> **Instructions to follow**: The entries shown here must be retyped in full, with no pictures included.

> **Data excerpts**:

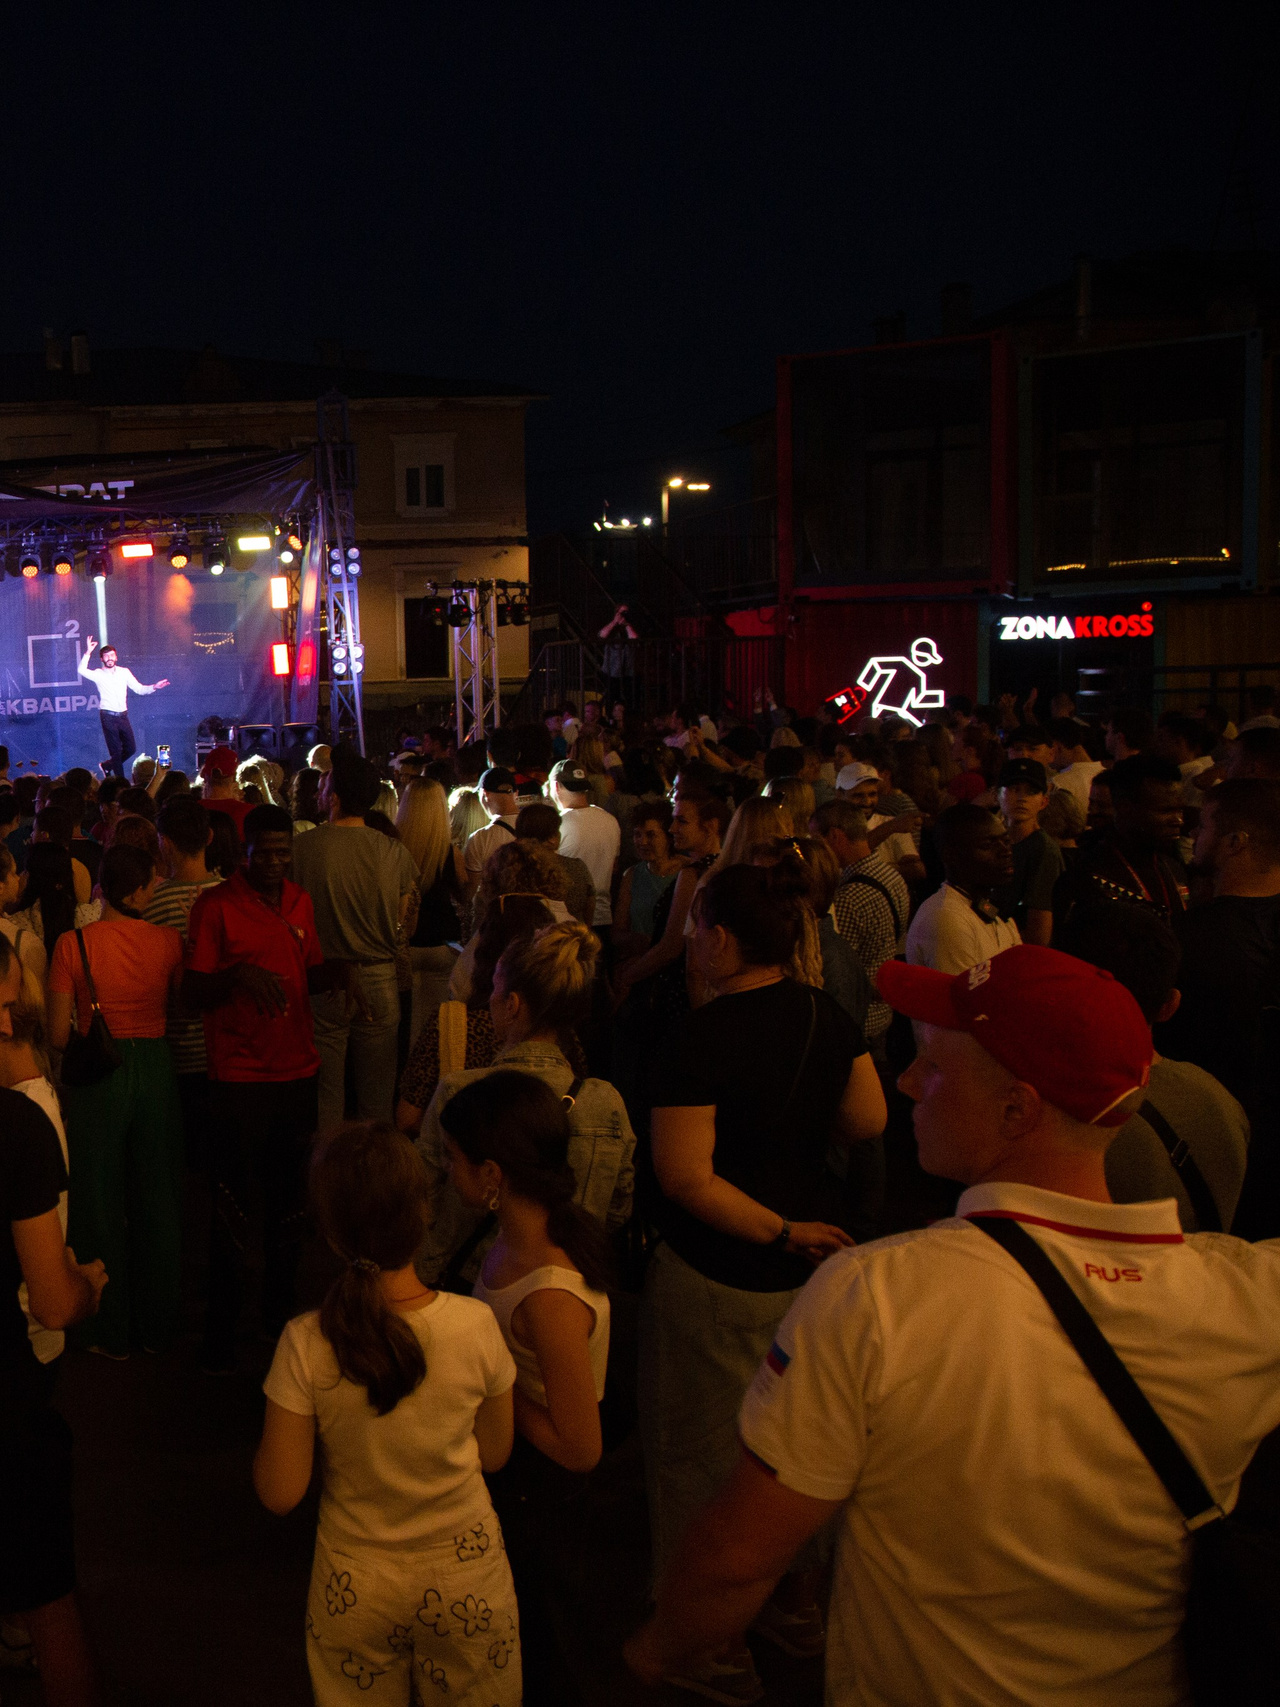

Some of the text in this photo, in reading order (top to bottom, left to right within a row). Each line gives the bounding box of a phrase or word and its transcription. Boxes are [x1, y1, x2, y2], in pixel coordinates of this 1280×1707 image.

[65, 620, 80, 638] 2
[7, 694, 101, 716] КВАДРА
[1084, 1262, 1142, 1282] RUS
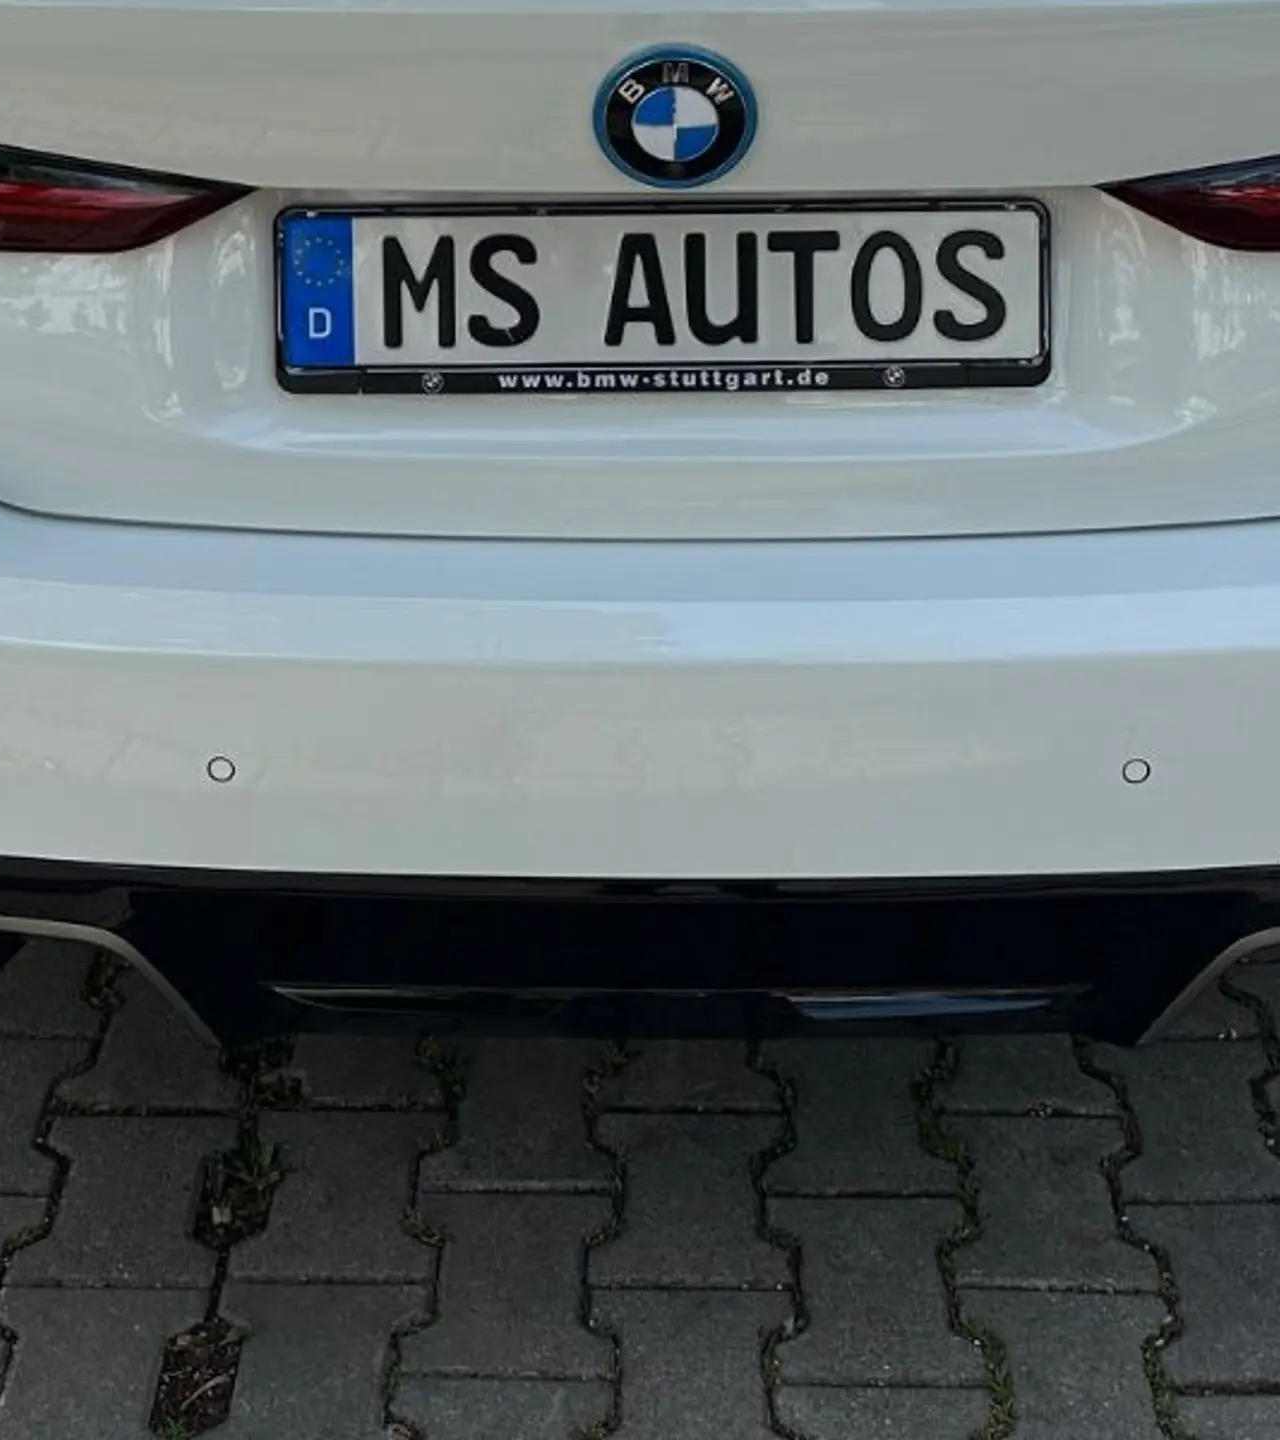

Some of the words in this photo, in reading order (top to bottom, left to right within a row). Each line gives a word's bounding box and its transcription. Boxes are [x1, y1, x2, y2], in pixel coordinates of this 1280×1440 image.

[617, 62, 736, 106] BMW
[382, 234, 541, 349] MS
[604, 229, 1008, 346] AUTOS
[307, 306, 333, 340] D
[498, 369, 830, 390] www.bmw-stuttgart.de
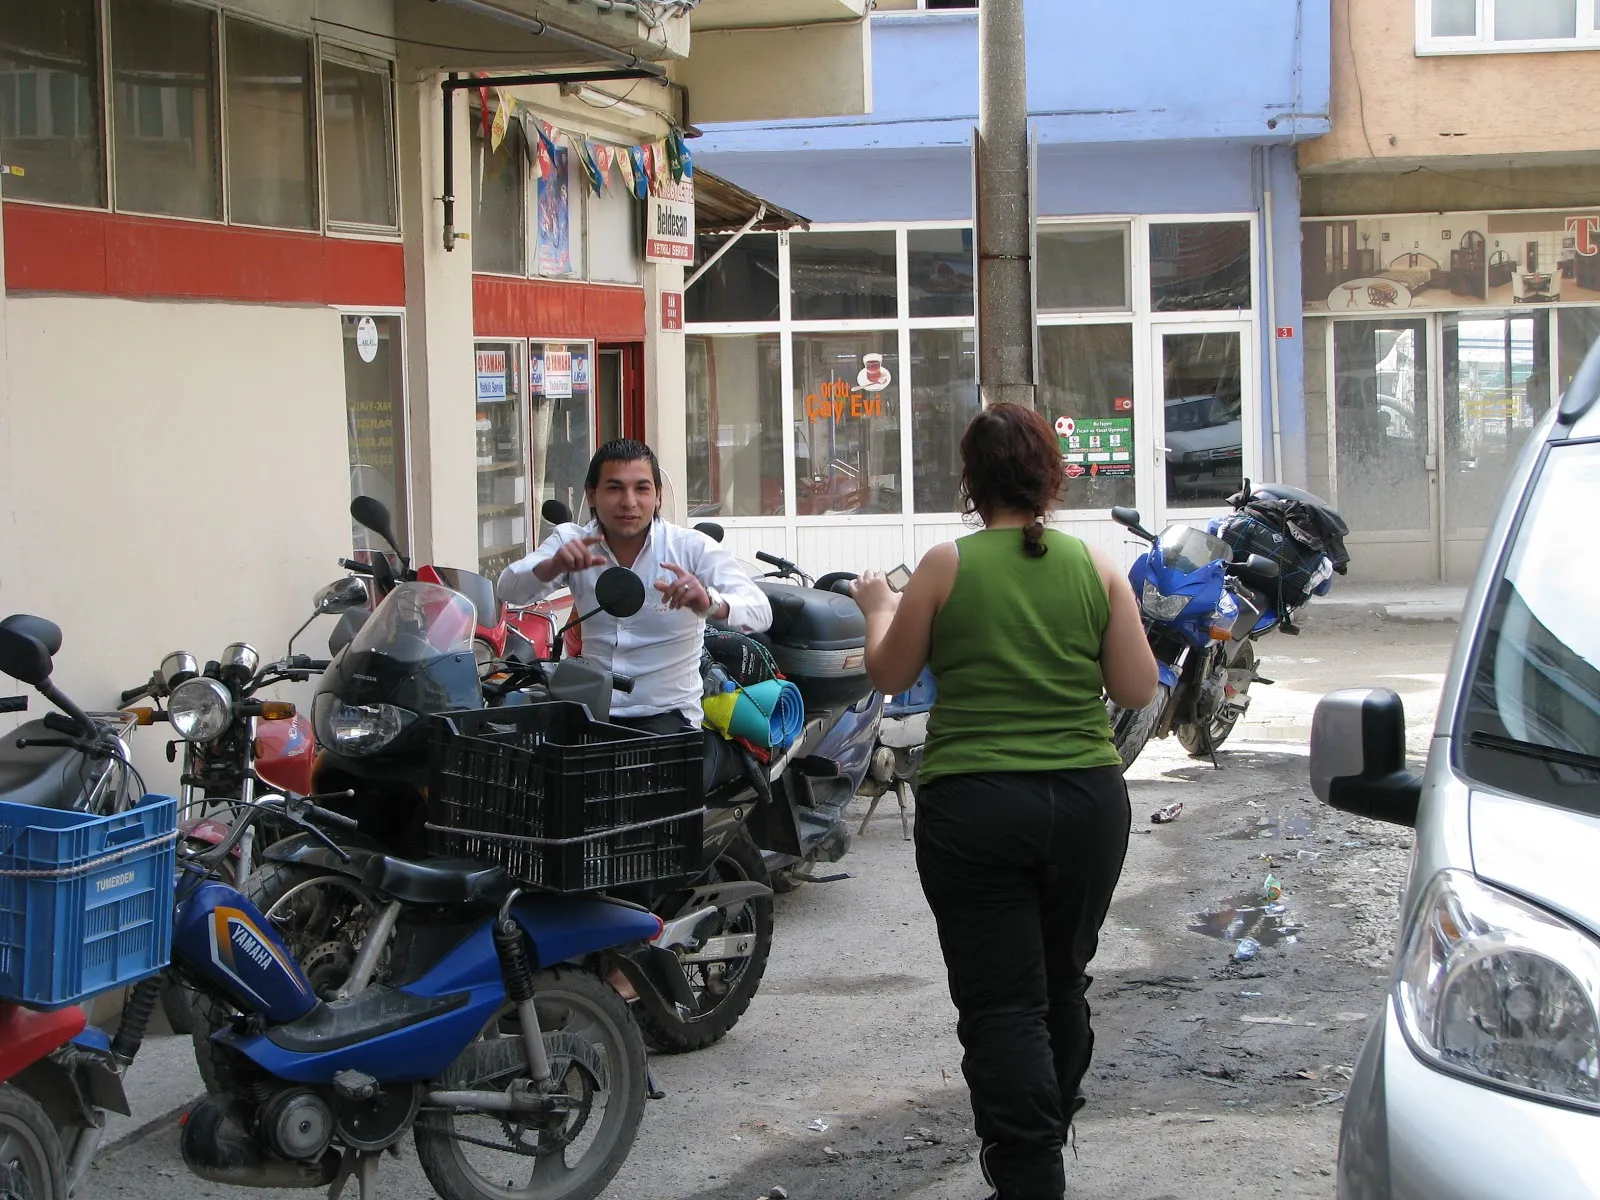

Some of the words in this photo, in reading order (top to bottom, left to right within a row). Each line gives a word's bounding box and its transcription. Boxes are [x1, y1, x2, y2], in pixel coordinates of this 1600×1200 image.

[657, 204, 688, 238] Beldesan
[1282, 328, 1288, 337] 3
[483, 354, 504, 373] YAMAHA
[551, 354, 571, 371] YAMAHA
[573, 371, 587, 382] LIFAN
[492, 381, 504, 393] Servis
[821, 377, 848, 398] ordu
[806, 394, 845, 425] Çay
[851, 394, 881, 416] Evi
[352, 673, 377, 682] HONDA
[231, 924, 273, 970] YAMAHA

> **Task solution**:
Some of the text in this photo, in reading order (top to bottom, left to right within a row). Each line gives the bounding box of a phrase or word and its transcription. Boxes are [x1, y1, x2, y2], in pixel coordinates of this 1280×1707 image.

[65, 620, 80, 638] 2
[7, 694, 101, 716] КВАДРА
[1084, 1262, 1142, 1282] RUS

Some of the words in this photo, in reading order (top to bottom, left to right within a row). Each line gives a word's bounding box and its transcription. Boxes are [x1, y1, x2, y2], in pixel coordinates of this 1280×1440 image.

[617, 62, 736, 106] BMW
[382, 234, 541, 349] MS
[604, 229, 1008, 346] AUTOS
[307, 306, 333, 340] D
[498, 369, 830, 390] www.bmw-stuttgart.de

Some of the words in this photo, in reading order (top to bottom, left to right within a row). Each line gives a word's bounding box and its transcription. Boxes are [x1, y1, x2, y2], in pixel coordinates of this 1600×1200 image.

[657, 204, 688, 238] Beldesan
[1282, 328, 1288, 337] 3
[483, 354, 504, 373] YAMAHA
[551, 354, 571, 371] YAMAHA
[573, 371, 587, 382] LIFAN
[492, 381, 504, 393] Servis
[821, 377, 848, 398] ordu
[806, 394, 845, 425] Çay
[851, 394, 881, 416] Evi
[352, 673, 377, 682] HONDA
[231, 924, 273, 970] YAMAHA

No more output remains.